Final answer:
A bank can be seized by regulators if its liabilities exceed its assets, leading to a potential bank run. The specific risks impacting Silicon Valley Bank are not detailed in the provided resources, but typically include credit, market, and operational risk. The historical context explains the regulatory measures like the FDIC and SEC established to prevent such occurrences.
Step-by-step explanation:
The bank may be 'seized' by federal regulators if it's found that its net worth has become negative, meaning the bank's assets are not enough to cover its liabilities. This situation can trigger a bank run, which occurs when a large number of depositors withdraw their funds simultaneously over concerns about the bank's solvency, thus exacerbating the bank's financial situation even further. Critics have questioned why federal regulators did not anticipate the financial instability of banks before the recession of 2008-2009. In the case of Silicon Valley Bank, while not mentioned in the provided information, this issue would likely relate to the broader problem of financial instability that might have been exacerbated by a variety of risk factors.

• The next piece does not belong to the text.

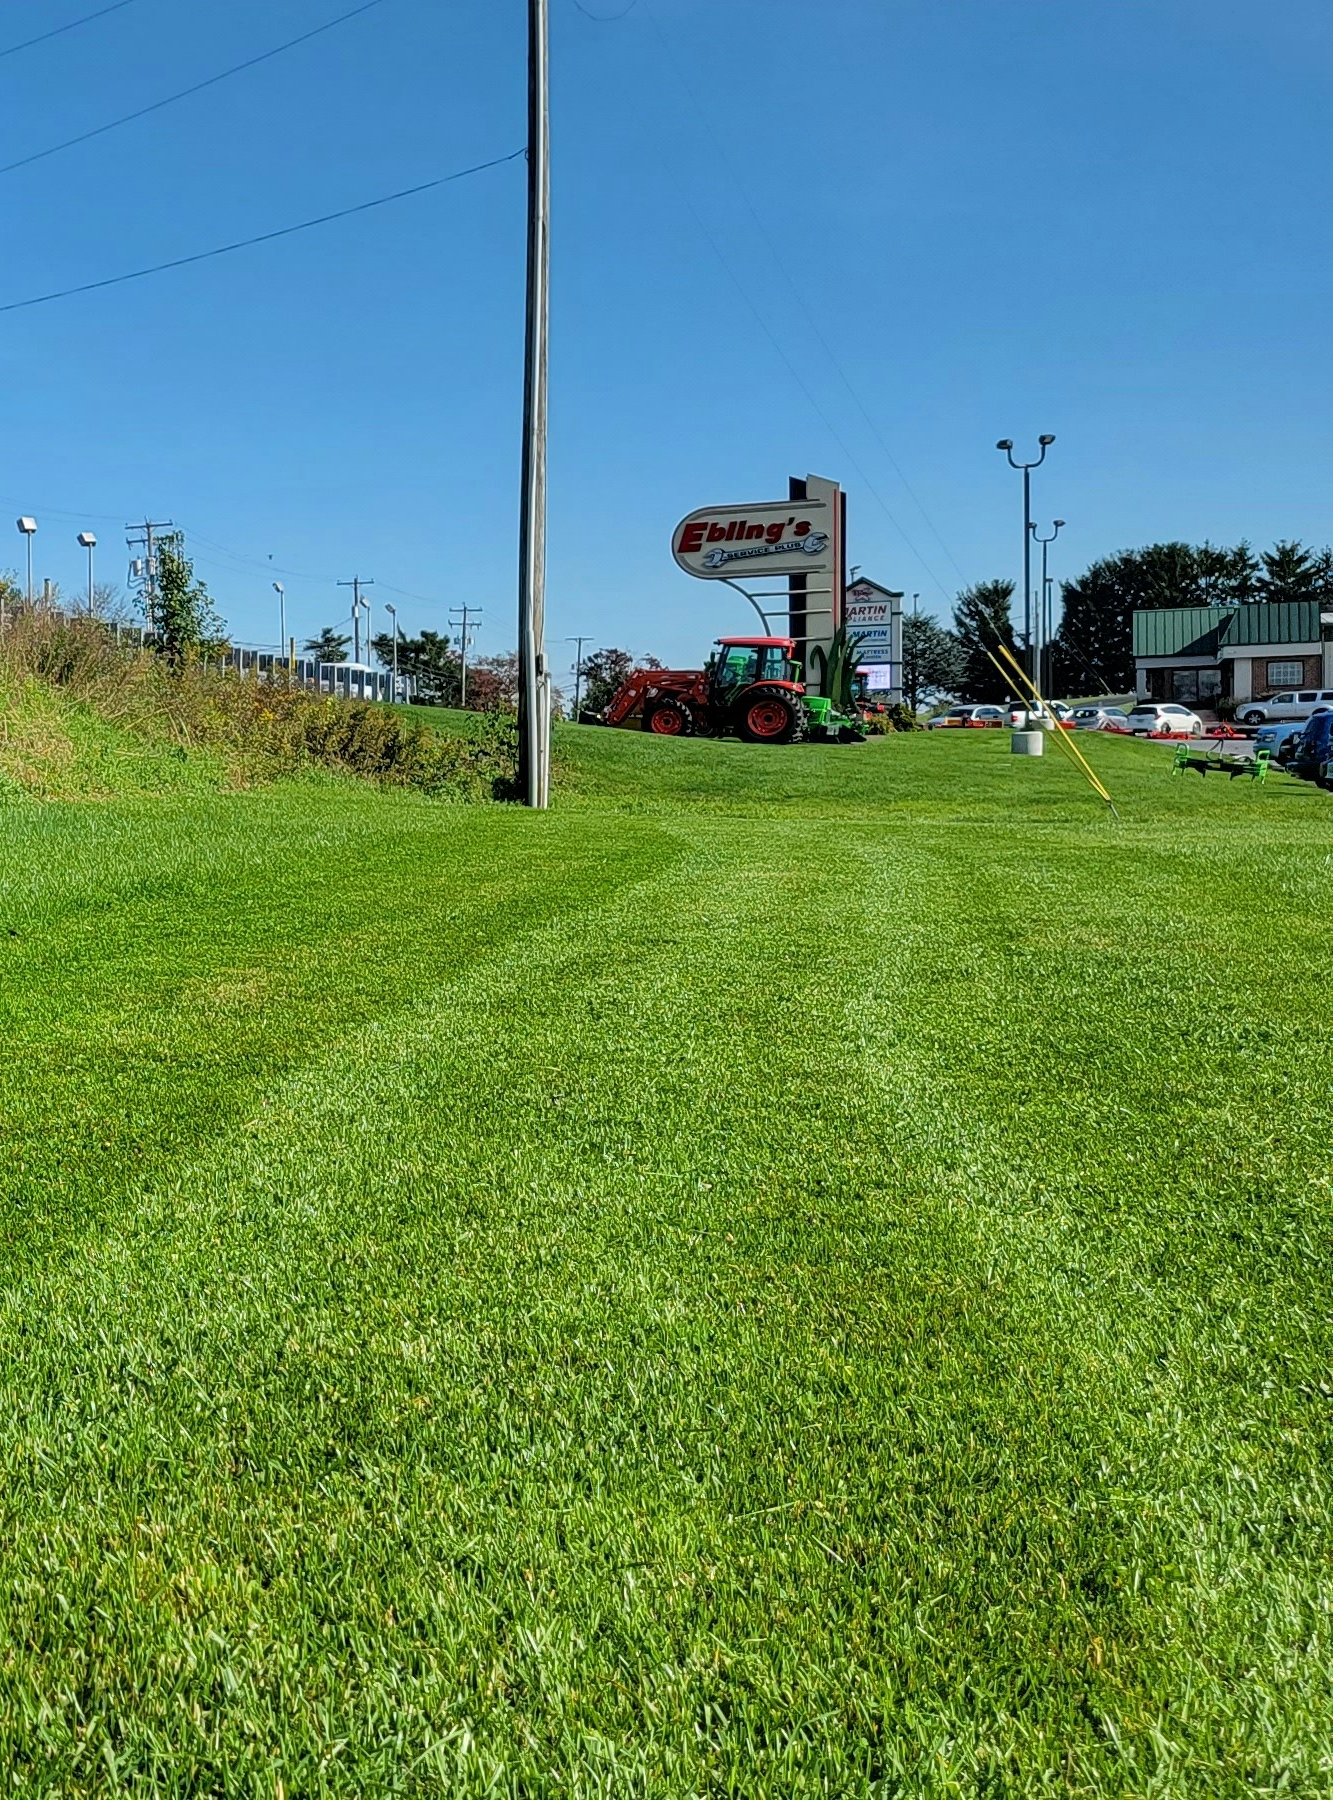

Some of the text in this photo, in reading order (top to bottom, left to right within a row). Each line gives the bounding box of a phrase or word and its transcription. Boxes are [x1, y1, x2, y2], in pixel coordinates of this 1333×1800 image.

[678, 517, 812, 553] Ebling's
[727, 541, 802, 559] SERVICE PLUS

Regarding Silicon Valley Bank and the three risks discussed in the mentioned chapter, without specific details of the risks identified in Chapter 12, it's not possible to definitively say which risk impacted the bank the most. Typically, the risks faced by a bank could include credit risk, market risk, and operational risk. Given the historical context of bank runs and regulatory oversight failures, it could be speculated that one or more of these risks contributed to the bank's issues leading to it being seized by federal regulators.
For banks like Silicon Valley Bank, understanding and managing these risks is essential to maintaining solvency and thus public trust and confidence in the banking system. The creation of the FDIC and SEC, as mentioned in the historical context, was designed to prevent such occurrences by providing a safety net for depositors and overseeing financial transactions.